Sarebbe ora che Bruxelles nominasse un inviato speciale per il conflitto e riaprisse una linea di comunicazione con la Russia per sondarne le intenzioni
La Cina è il principale sostenitore dell’asfittica economia russa che paga i costi dell’invasione (il 30% del bilancio statale destinato alle spese militari, l’inflazione al 5,6%, al di sopra del 4%, obiettivo della Banca Centrale di Mosca, le previsioni di crescita del Pil ridotte di tre volte, allo 0,4%). Anche Putin andrà a Pechino (martedì prossimo) per incontrare Xi Jinping, verificare e rafforzare la tenuta dell’intesa decisiva. In questo quadro si inserisce la dichiarazione del capo del Cremlino durante la conferenza stampa nel «Giorno della vittoria», il 9 maggio scorso, quando si è detto disposto a dialogare con l’Ue, alleata sostanziale di Kiev insieme ad una ventina di Stati non europei. Sarebbe ora che Bruxelles nominasse un inviato speciale per il conflitto e riaprisse una linea di comunicazione con la Russia per sondarne le intenzioni. Anche se peraltro martedì scorso lo zar ha avvisato l’Armenia: deluso dal Cremlino per non essere stato difeso militarmente nella guerra dell’Azerbaijan nel 2023, lo Stato caucasico si sta avvicinando all’Ue. Da qui la minaccia del presidente russo: «Ora stiamo vivendo tutto ciò che accade sul fronte ucraino. Ma da dove è iniziato tutto? Dall’adesione dell’Ucraina o dai tentativi di aderire all’Unione europea». Non dalla Nato quindi, ma dalle proteste di Maidan tra il 2013 e il 2014 quando un milione di persone scesero in piazza a Kiev e nelle altre principali città ucraine per protestare contro le derive autoritarie del presidente Viktor Yanukovich e il tradimento del programma elettorale disdicendo la sigla del Trattato di associazione all’Ue. Sfiduciato in Parlamento anche dal suo partito, Yanukovich lasciò il Paese e si rifugiò a Mosca, dove vive tuttora nell’agiatezza. Putin in quei mesi comprese di aver perso il controllo del vicino («uno Stato artificiale, parte della Russia» secondo il mantra del nazionalismo storico e contemporaneo) e avviò la prima invasione, in Crimea. Allora le posizioni europeiste in Ucraina erano leggermente maggioritarie (51% secondo diversi sondaggi) ma l’aggressione su larga scala del 2022 ha allargato la frattura.

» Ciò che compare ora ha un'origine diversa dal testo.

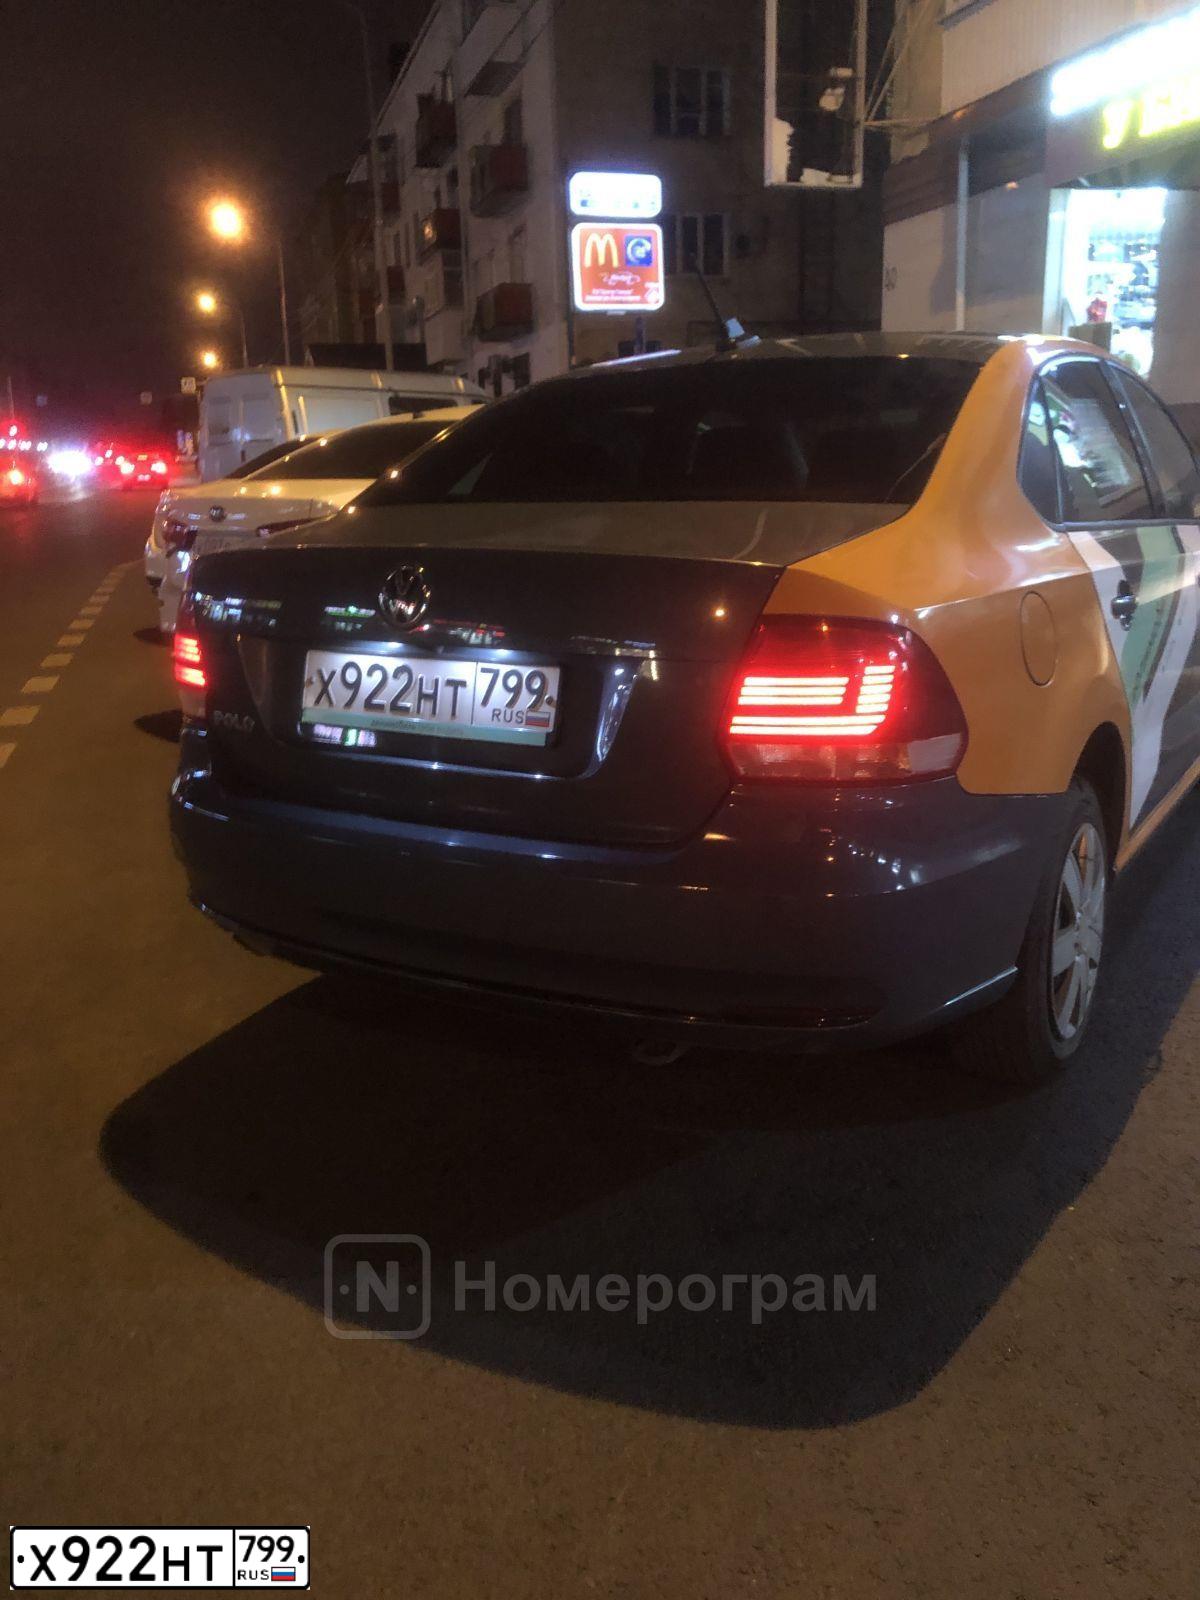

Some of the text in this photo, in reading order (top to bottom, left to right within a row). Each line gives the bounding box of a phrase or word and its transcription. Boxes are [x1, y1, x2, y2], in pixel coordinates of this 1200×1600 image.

Intellettuali e politici italiani sostengono che quella in corso in Ucraina è «una guerra tra eserciti». Ci sono invece tre fronti interni: quello lungo la linea di contatto militare, attualmente lunga 1.500 km nel Donbas, che ha portato a perdite complessive di un milione di soldati (stima prudenziale tra morti e feriti, comunque persone innanzitutto, per il 70% tra i russi). La seconda linea è il bombardamento quotidiano e deliberato degli invasori di abitazioni, scuole, ospedali e centrali elettriche (secondo l’Onu sono 2 milioni gli edifici distrutti o danneggiati dal 24 febbraio 2022) con lo scopo di terrorizzare. La terza è ciò che è avvenuto nei territori che furono occupati: uccisioni di civili, detenzioni arbitrarie, torture e sparizioni. Pratica in atto anche nel 18% di Ucraina annessa da Mosca, dove per decreto vige l’obbligo di prendere la cittadinanza russa per non perdere casa e assistenza sanitaria, oltre al lavoro per chi lo ha. Crimini di guerra e contro l’umanità che hanno portato la Corte penale internazionale a emettere sei mandati di cattura recapitati al Cremlino (Putin è il destinatario più noto).
Parlare a nome di un popolo, attribuendo le responsabilità della condizione di vittima al suo governo, è posizione arrogante, cinica e irrazionale
Parlare a nome di un popolo, attribuendo le responsabilità della condizione di vittima al suo governo, è posizione arrogante, cinica e irrazionale. Il presidente Volodymyr Zelensky è criticato in patria per varie ragioni (dall’accentramento dei poteri alla tardiva lotta alla corruzione) ma non per la difesa dall’occupazione: dove c’è, ci sono crimini ed è umano volerli allontanare. Non solo in Ucraina.